Por João Monsanto (*) 

Por volta de 1986, o falecido líder do Grupo Sonae, Engenheiro Belmiro de Azevedo, tinha participado num curso internacional de liderança lecionado por uma empresa de formação suíça chamada Dynargie e, pela qualidade do mesmo, decidiu que todos os quadros superiores tivessem obrigatoriamente de fazer esse curso.

Tratava-se de um curso prático de cinco dias úteis, dispersos por um período de dois meses, onde um grupo de aproximadamente quinze pessoas se juntava numa sala de hotel com um formador. O curso fornecia indicadores de decisão que eram testados na prática e que envolviam situações extremas para um líder de empresa. Percebeu-se bem a aposta do Engenheiro porque se tratava de uma experiência e aprendizagem absolutamente fascinantes.

Entre os vários casos práticos havia naturalmente uma “reunião dos quadros da empresa”, reunião em cada um dos participantes assumia um papel pré-definido e ia sendo caracterizado pela sua forma de agir. Era impressionante como os clássicos estereótipos se detetavam com tanta facilidade e assentavam que nem uma luva nas pessoas envolvidas.

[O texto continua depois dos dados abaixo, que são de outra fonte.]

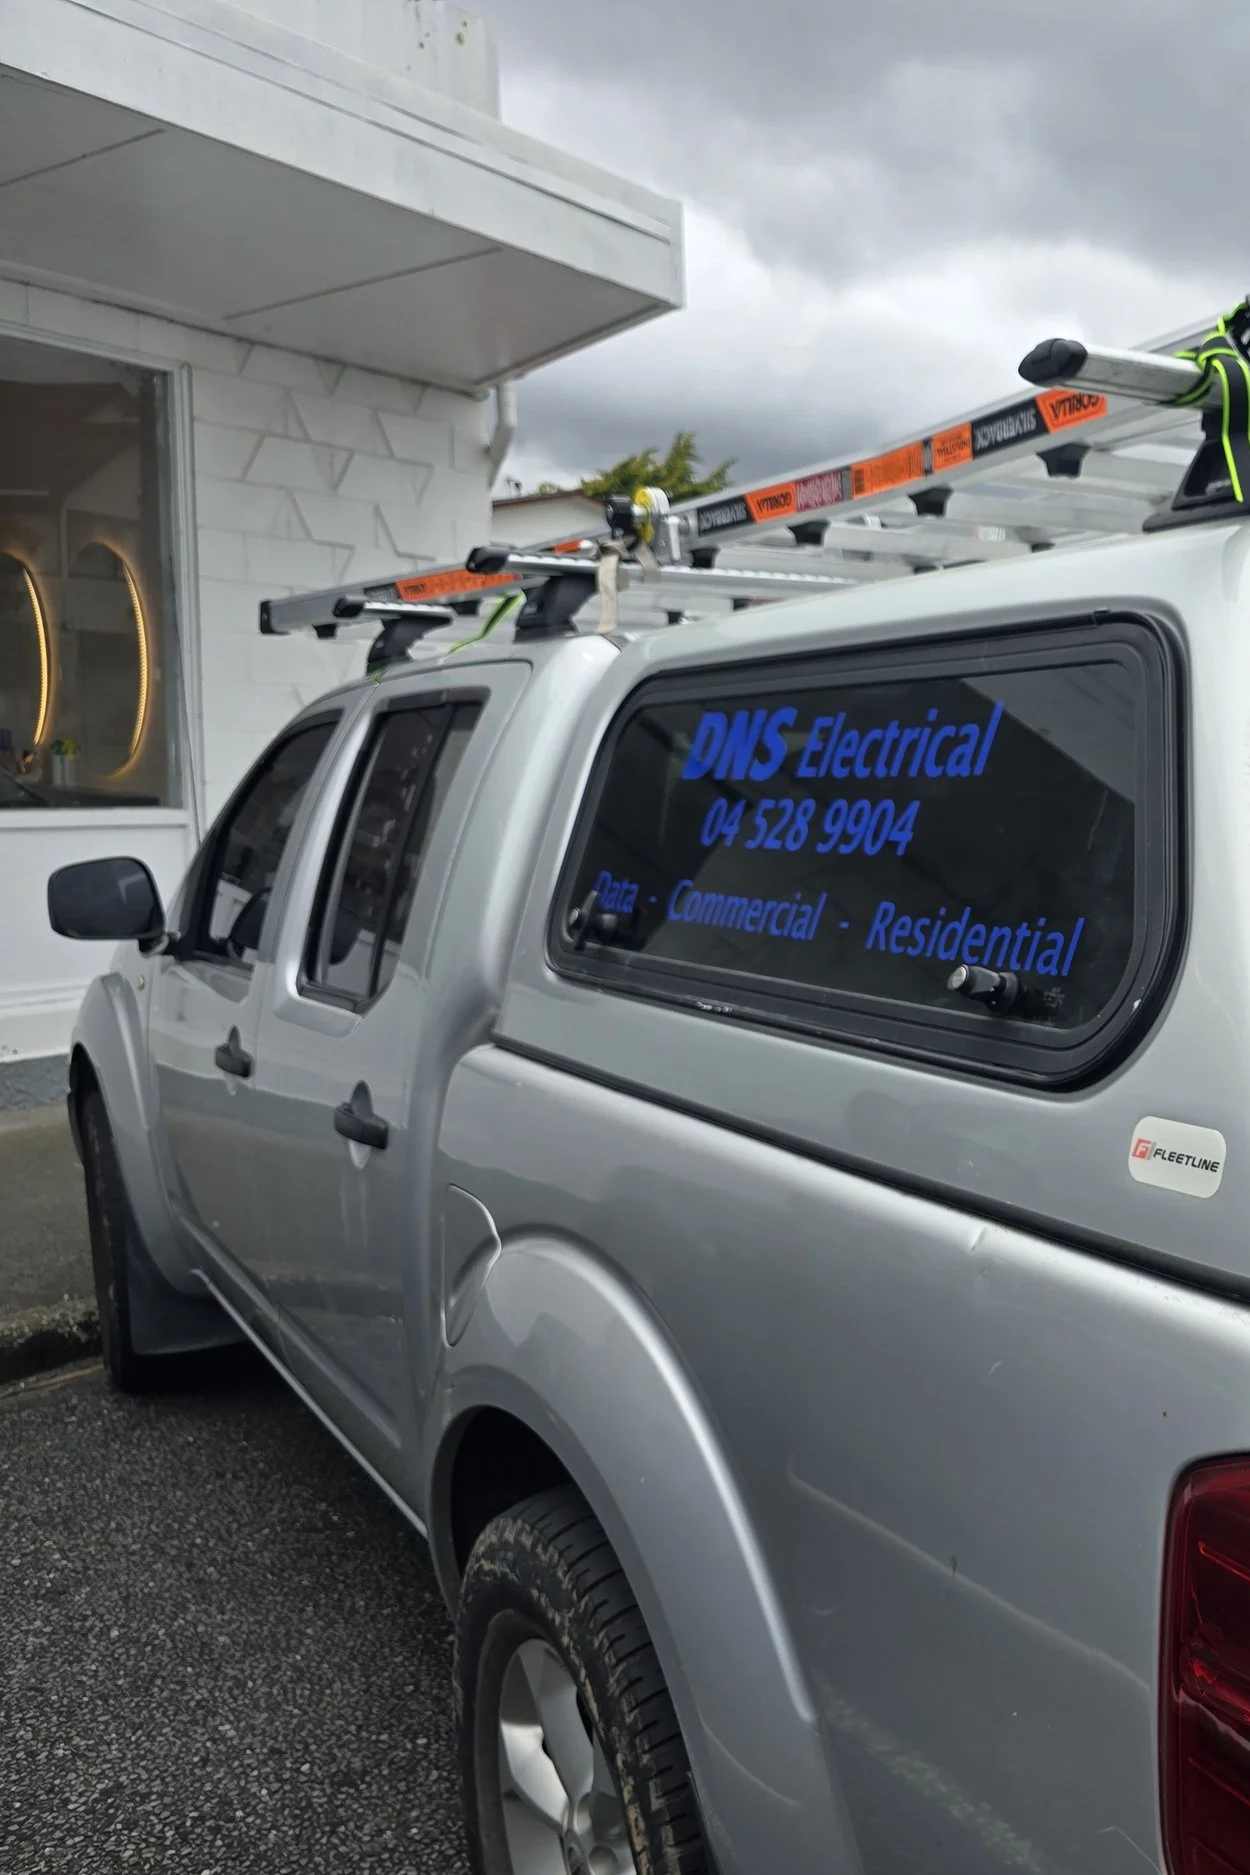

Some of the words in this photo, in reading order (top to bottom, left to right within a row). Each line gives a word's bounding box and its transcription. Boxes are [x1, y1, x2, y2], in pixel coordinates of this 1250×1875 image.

Depois de uma agitada e aguerrida reunião onde todos procuravam ter razão e liderar as decisões, a conclusão reconhecida unanimemente é que quem liderava não era quem falava muito, ou bem, mas sim quem questionava.

“Quem questiona, dirige”, dizia o experiente formador.

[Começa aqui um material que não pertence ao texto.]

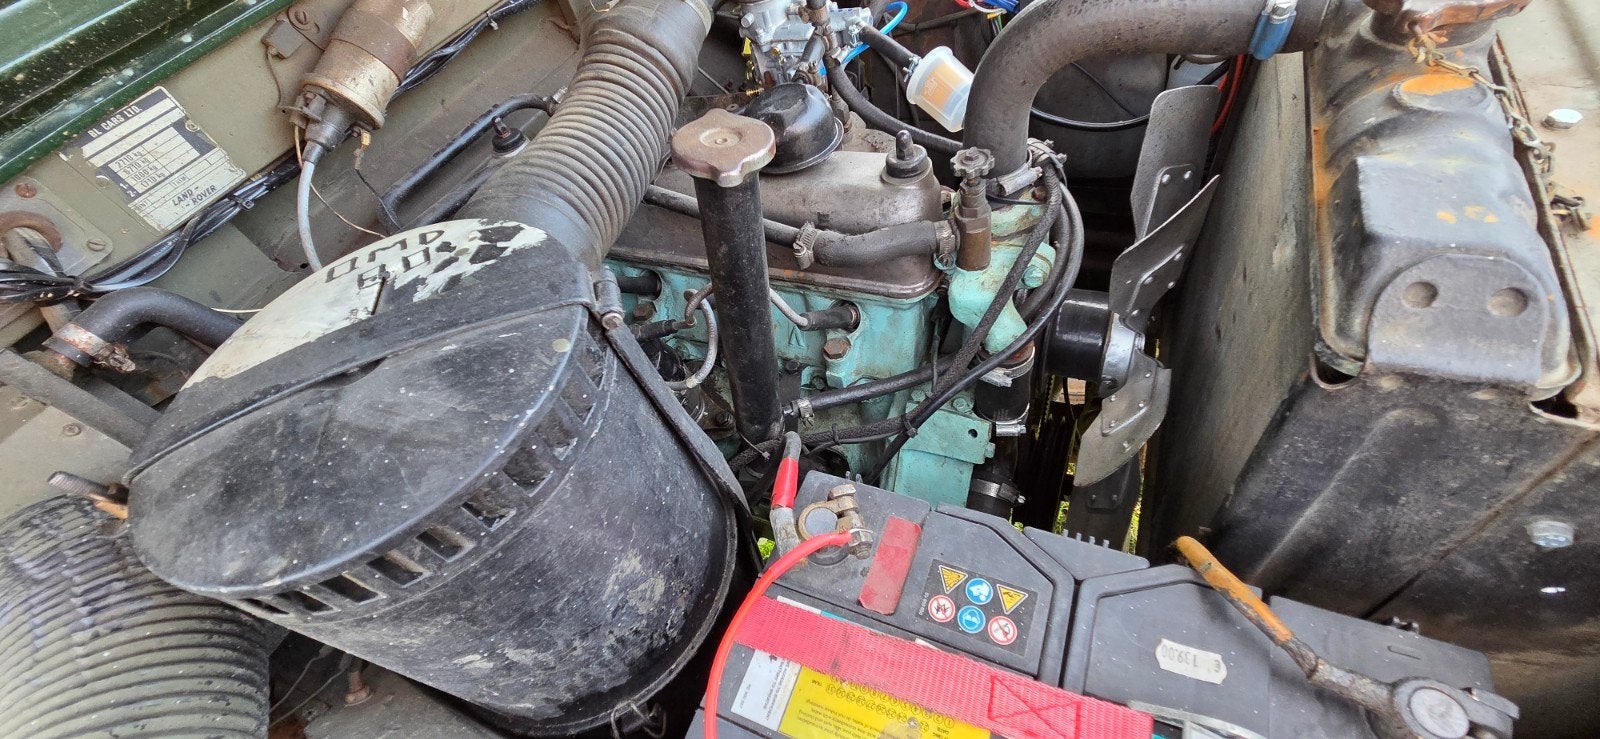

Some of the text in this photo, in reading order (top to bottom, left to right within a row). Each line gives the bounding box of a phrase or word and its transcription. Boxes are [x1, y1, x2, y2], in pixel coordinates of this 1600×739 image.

[87, 128, 102, 138] BL
[100, 114, 125, 131] CARS
[115, 154, 134, 168] 2710
[130, 169, 149, 182] 1000
[140, 176, 158, 188] 1710
[1161, 644, 1198, 667] 139.00

Na verdade, responder é um ato de foco e atenção para quem pergunta. Assim, como se de um jogo de Blackjack se tratasse, um bom distribuidor de perguntas, sem nada afirmar ou defender, lidera tranquilamente uma reunião, podendo no final, com as respostas que recebeu e sem precisar de um exacerbado exercício de compilação, tirar as conclusões da reunião e ser inequivocamente reconhecido como o líder.

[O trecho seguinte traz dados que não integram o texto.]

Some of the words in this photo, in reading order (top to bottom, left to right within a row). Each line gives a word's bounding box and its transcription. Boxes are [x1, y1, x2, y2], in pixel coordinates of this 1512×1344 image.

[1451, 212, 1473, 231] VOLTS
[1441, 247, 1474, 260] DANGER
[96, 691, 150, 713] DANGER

Passados então mais de trinta e cinco anos, interagindo com o ChatGPT, recordei-me deste episódio. Porquê?
Porque funcionamos muito com o Chat no formato de perguntas: “És capaz de me fazer uma tese de Física?”; “Desenhas-me uma campanha de Publicidade para lançar uma marca de automóveis?”; “Fazes um soneto de amor para oferecer à minha mulher?”; “Quem foi D. João I”.

E pensei que realmente, o conhecimento no futuro passa por aprender a fazer perguntas e não por saber as respostas. Que ser especialista e liderar qualquer área poderá depender desta vertente inquiridora. Poderá haver faculdades só para se aprender a fazer perguntas evolutivas de Engenharia Mecânica, Medicina Pediátrica ou outra área qualquer?

Concentrado nesta possibilidade, observei então que a Inteligência Artificial, em muitos casos, respondia às minhas perguntas, com outras perguntas: “Física Quântica ou Clássica e qual a área de estudo?”; “Qual é o Grupo-Alvo a que pretende vender o automóvel?”; “Como se chama a sua mulher, para que possa personalizar o poema?”; ….

E como estas perguntas fazem todo o sentido no contexto de cada uma delas, vamos tranquilamente respondendo.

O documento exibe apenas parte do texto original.